Subconsciously, I think that is one of, if not the main reason why I worry so much, and why other people might do it as well. Worrying becomes a way of trying to control something that is otherwise uncontrollable. Maybe not in the literal sense, but I've always justified it as a way of preparing myself for the worst-case scenario. And by preparing myself for the worst, I somehow think that it will lessen the pain of what may or may not happen.
Most of the time, it never works; when all it said and done, you're either left wondering why you wound yourself up in the first place, or pissed that you tried to protect yourself from pain or heartache and it still hit you anyway.
But the fact remains that we as human beings can only do so much to get what we want; we can plan our lives out in this perfect design, and put every little ounce of effort into it in order to make it happen. Unfortunately, stuff happens when you least expect it and those plans end up in a scramble.
And I know this because for the majority of last year (and for a good portion of last semester), I believed that I had to follow this clear-cut blueprint of what you were supposed to do in college (particularly your freshman year). I thought it would all be so easy, and as time went on that was definitely not the case. I had to learn (and am still learning) how to roll with the punches and let go of things that I can do nothing about.
I actually have a little saying that goes "Do what you can, and let God take care of the rest." There are times where it's difficult to live by, because I frequently put the blame on my own shoulders when something goes wrong, or doesn't turn out the way I wanted it to. Out of habit, I have a tendency to push myself until I can't physically or emotionally do it anymore. I fail to remember that I have done my very best, and from that point on the situation is in God's hands.
Looking back on it, I was so up in arms about spending time with my friends and whatnot because of a slight realization that dawned on me not too long ago: this period in my life is going by so incredibly fast, and it's a time that I am never going to get to live through again. I don't want to do what I did in high school by living too far in the past and focus on too much on the future. I want to live in the here and now while soaking up every moment that I possibly can.
Yet, a couple of weeks ago, I was doing exactly what I did in high school: I was so focused on not wanting to miss out on certain things that I couldn't see what was genuinely important: that it's not just about the activities your participate in, but who is by your side participating with you.
For example, there was one particular weekend where I decided to go downtown on a Friday night by myself (my roommate was supposed to come with me but backed out at the last minute, and I was not about to spend another weekend cooped up in my apartment). I figured that I would either run into someone I was already friends with, or meet a few new people while I was there. It turns out I was correct on both counts; but neither stayed with me for very long, and I actually spent most of the evening on the dance floor alone.

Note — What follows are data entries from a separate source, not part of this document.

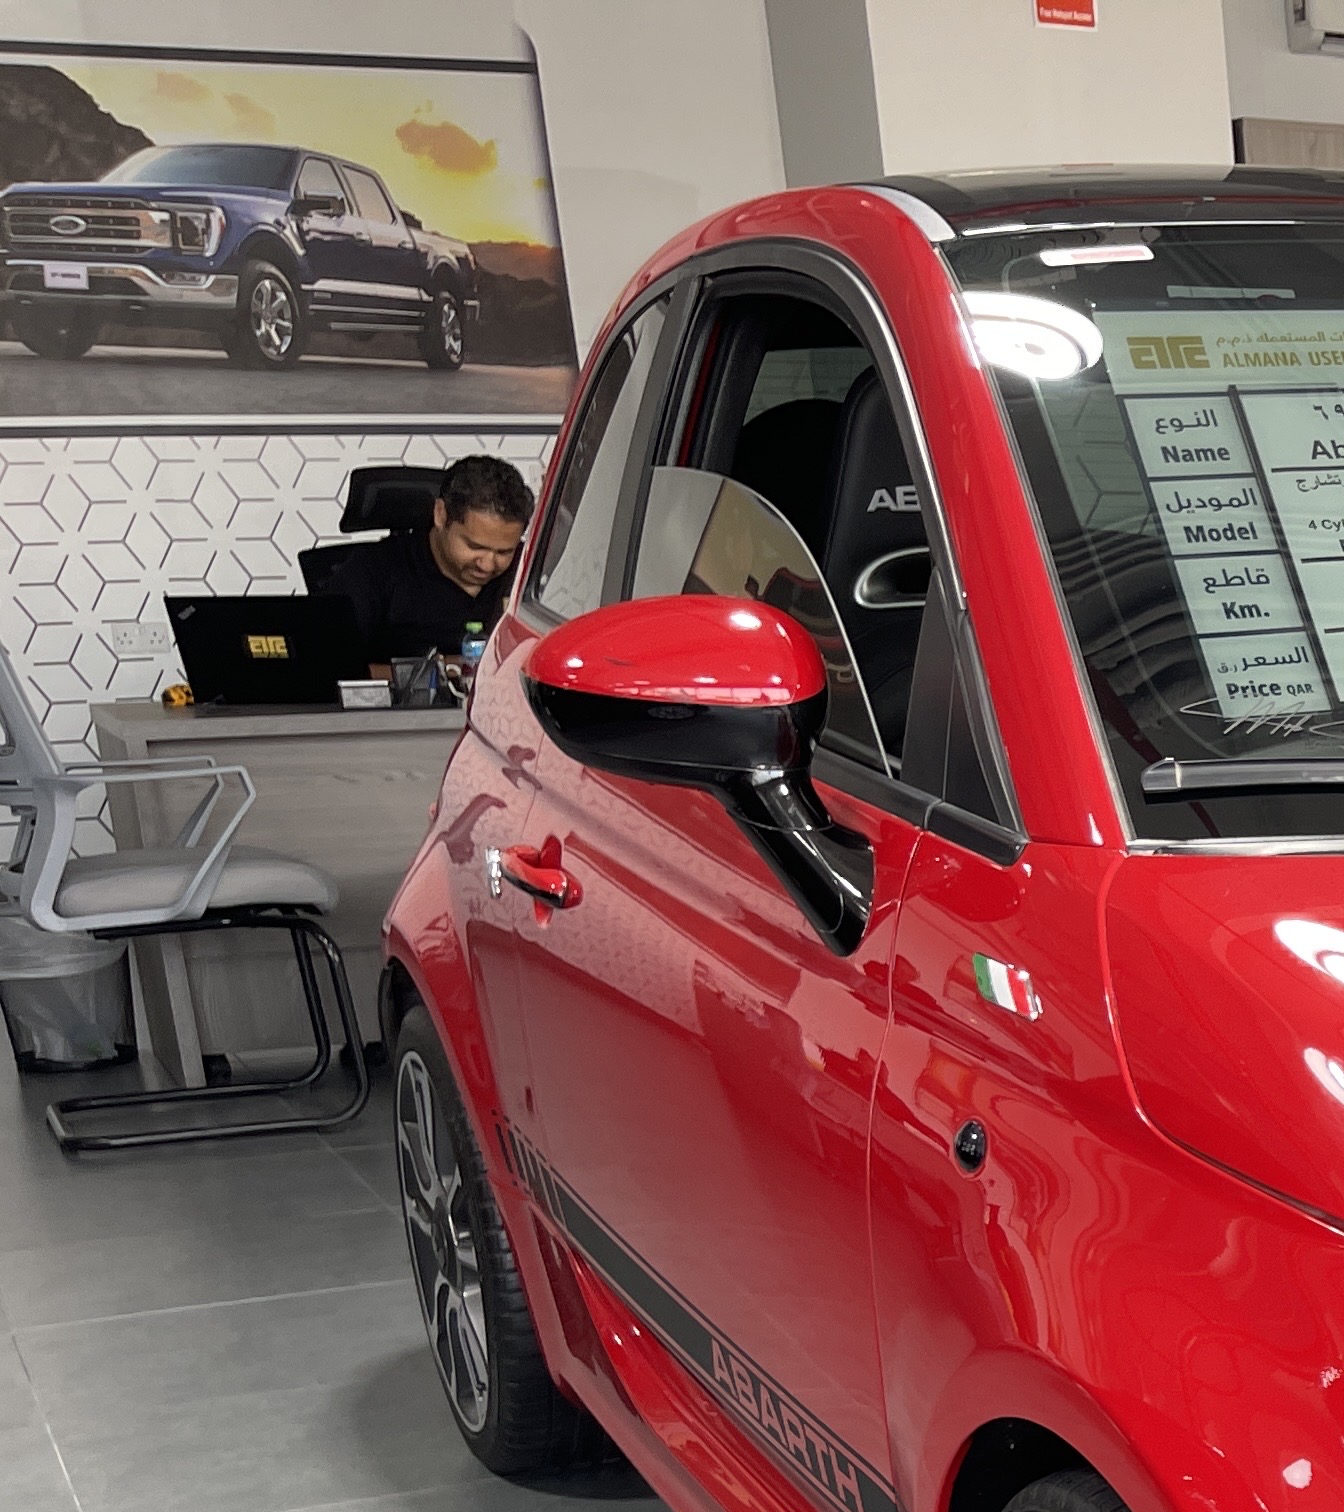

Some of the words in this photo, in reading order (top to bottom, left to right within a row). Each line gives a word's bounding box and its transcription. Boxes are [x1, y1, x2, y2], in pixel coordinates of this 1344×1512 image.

[1223, 351, 1303, 368] ALMANA
[1160, 445, 1231, 463] Name
[1165, 487, 1258, 513] الموديل
[1183, 521, 1259, 543] Model
[1308, 519, 1318, 531] 4
[1202, 566, 1271, 594] قاطع
[1221, 601, 1271, 620] Km.
[1242, 645, 1309, 672] السعر
[1225, 680, 1282, 700] Price
[1286, 683, 1314, 697] QAR

That's not to say that it wasn't a good night, or that it's a bad thing to spend time alone in general. However, it was one of those things where I probably would have enjoyed it more if I had been surrounded by people that I care about. Just recently, I did have a night on the town with some of my friends, one who has become like a sister to me. And I can honestly say the whole experience was nothing short of incredible.
Choosing quality over quantity can be a hard practice to live by, mostly because of the cultural obsession with numbers. Bigger equals more. More equals better. The more experience you have, the better you're off when it comes to dealing with specific situations.

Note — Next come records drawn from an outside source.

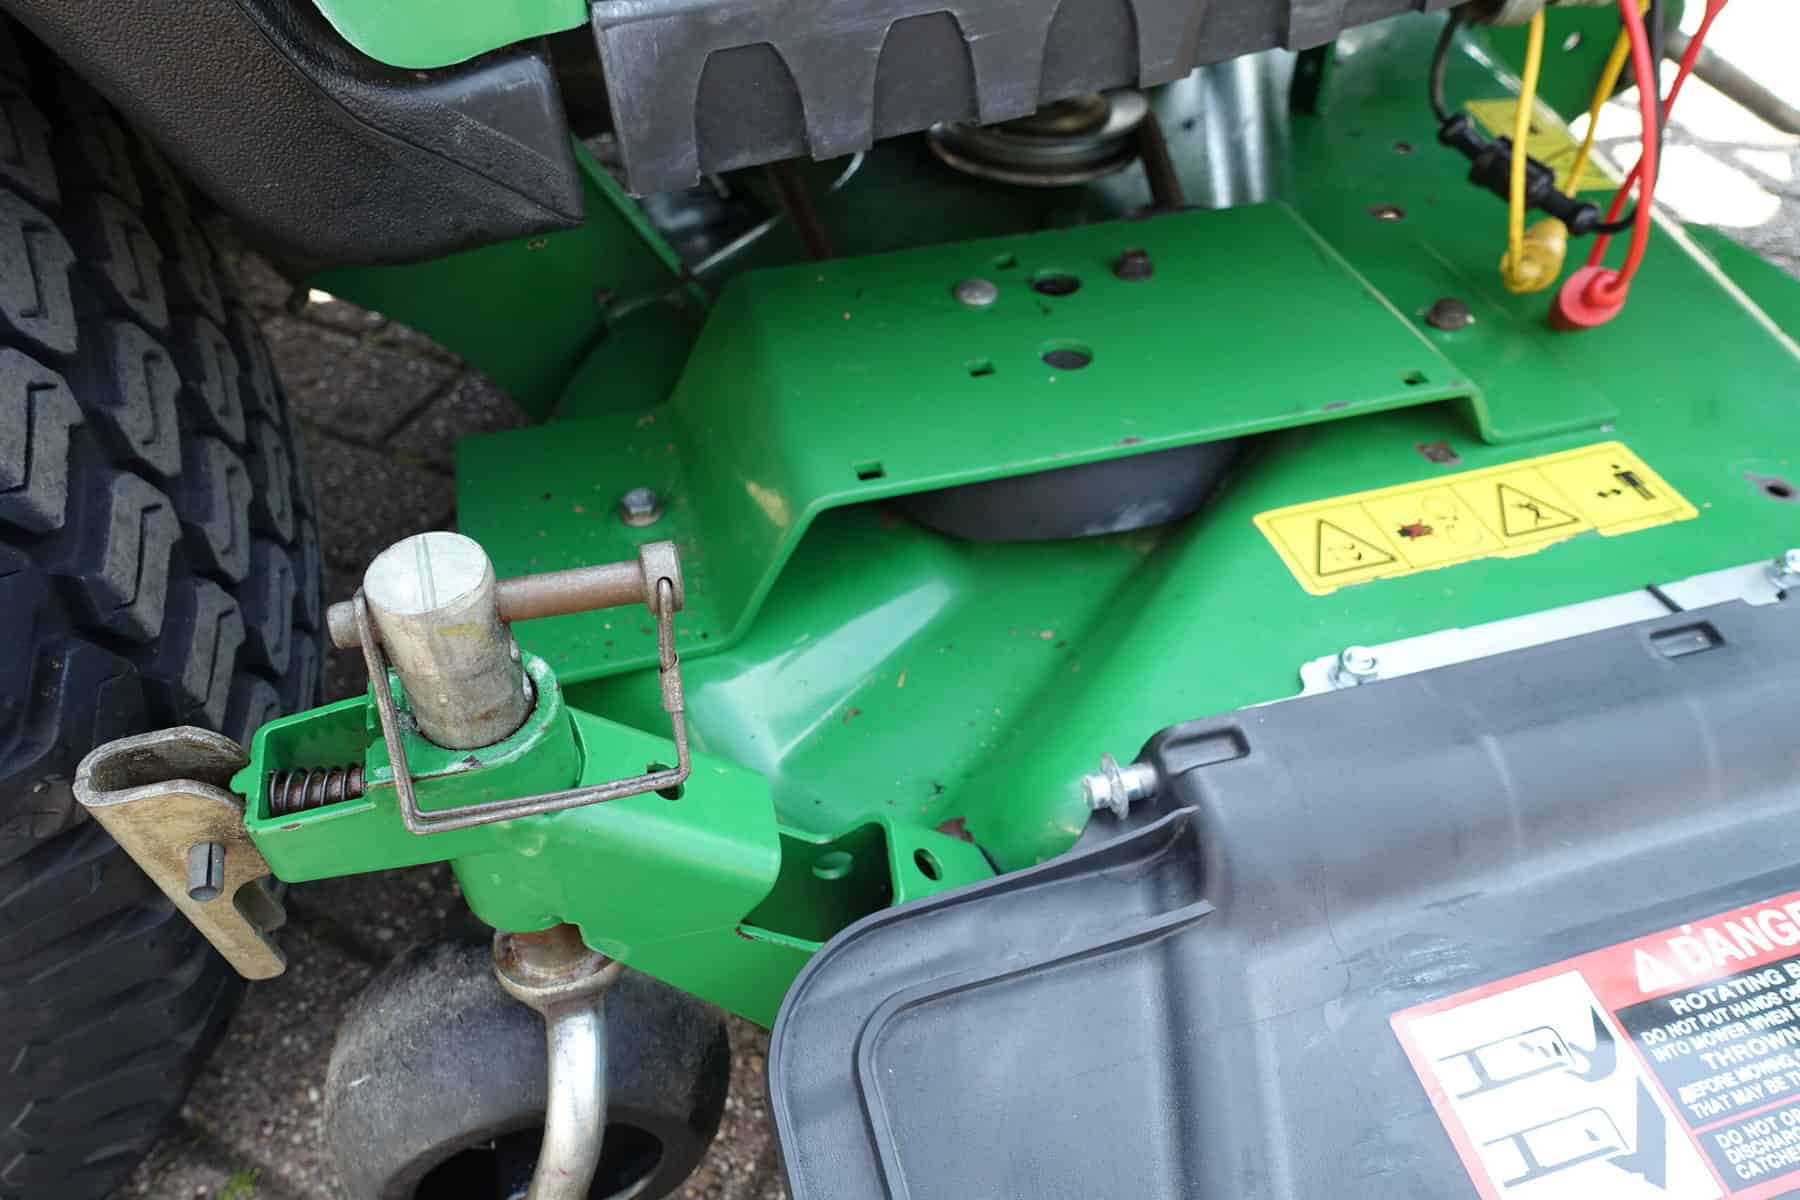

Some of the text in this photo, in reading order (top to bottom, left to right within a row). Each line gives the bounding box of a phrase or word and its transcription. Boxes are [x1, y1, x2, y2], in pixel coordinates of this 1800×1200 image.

[1669, 960, 1800, 1016] ROTATING B
[1640, 1027, 1667, 1046] DO
[1665, 1016, 1700, 1038] NOT
[1699, 1007, 1731, 1030] PUT
[1729, 991, 1783, 1018] HANDS
[1651, 1041, 1691, 1062] INTO
[1688, 1021, 1749, 1050] MOWER
[1746, 1006, 1795, 1032] WHEN
[1699, 1026, 1800, 1070] THROWN
[1678, 1072, 1739, 1105] BEFORE
[1688, 1093, 1732, 1119] THAT
[1730, 1082, 1763, 1106] MAY
[1763, 1075, 1790, 1095] BE
[1714, 1129, 1743, 1149] DO
[1741, 1116, 1779, 1140] NOT

I think it very much depends on the person; some feel more comfortable with having a laundry list of where they've been, who they've met, and the accomplishments they've achieved. It all comes down to what you put into it, and whether or not you're willing to look at the bigger picture in order to get something out of it.
In my case, college is not just about what you do on the weekends, or how often you do it. It's about what you learn, who you meet and get to know, and how you're able to grow and mature from all of it.

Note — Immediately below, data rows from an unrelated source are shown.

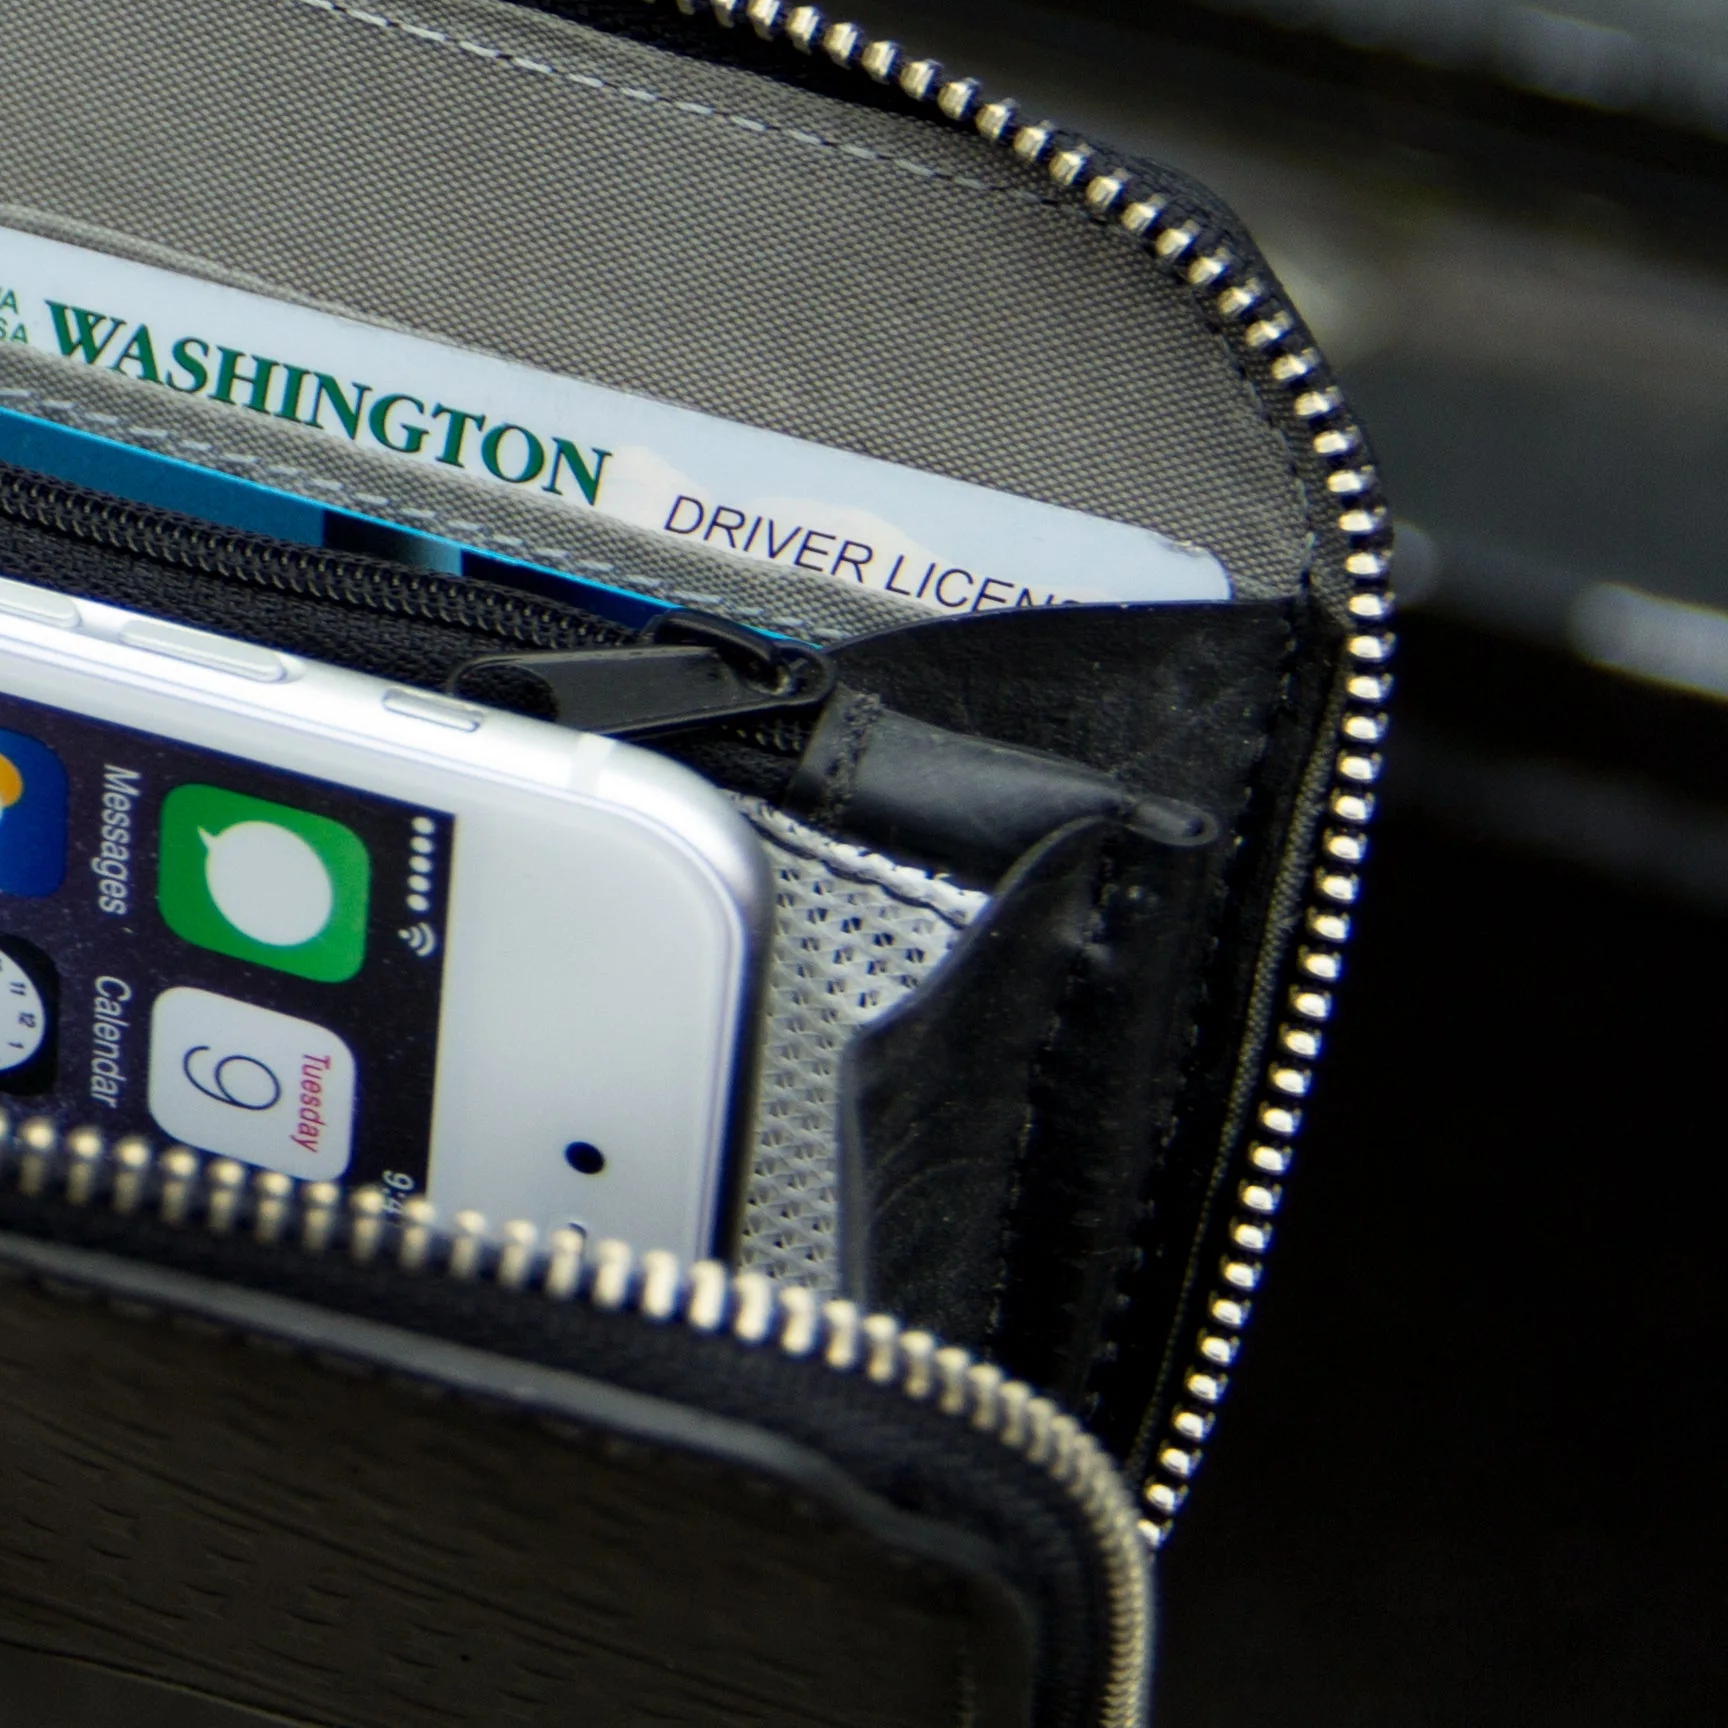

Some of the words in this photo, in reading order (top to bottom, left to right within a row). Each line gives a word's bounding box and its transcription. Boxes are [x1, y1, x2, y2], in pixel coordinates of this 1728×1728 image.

[44, 298, 613, 507] WASHINGTON
[663, 495, 874, 584] DRIVER
[89, 762, 142, 916] Messages
[10, 982, 26, 996] 11
[18, 1012, 36, 1028] 12
[90, 974, 134, 1109] Calendar
[183, 1045, 281, 1111] 9
[290, 1054, 331, 1153] Tuesday

More often than not, I have to take a deep breath, stay calm, and put the concept of patience into practice. I've seen with my own eyes that things always tend to work out one way or the other, even if it's not exactly the way I want it to.
Don't be upset or afraid in certain happenings (or people) in your life are rare and far and in between. It's an indication that you have something wonderful, and that you should simply take it for what it is and appreciate it in the best way that you know how.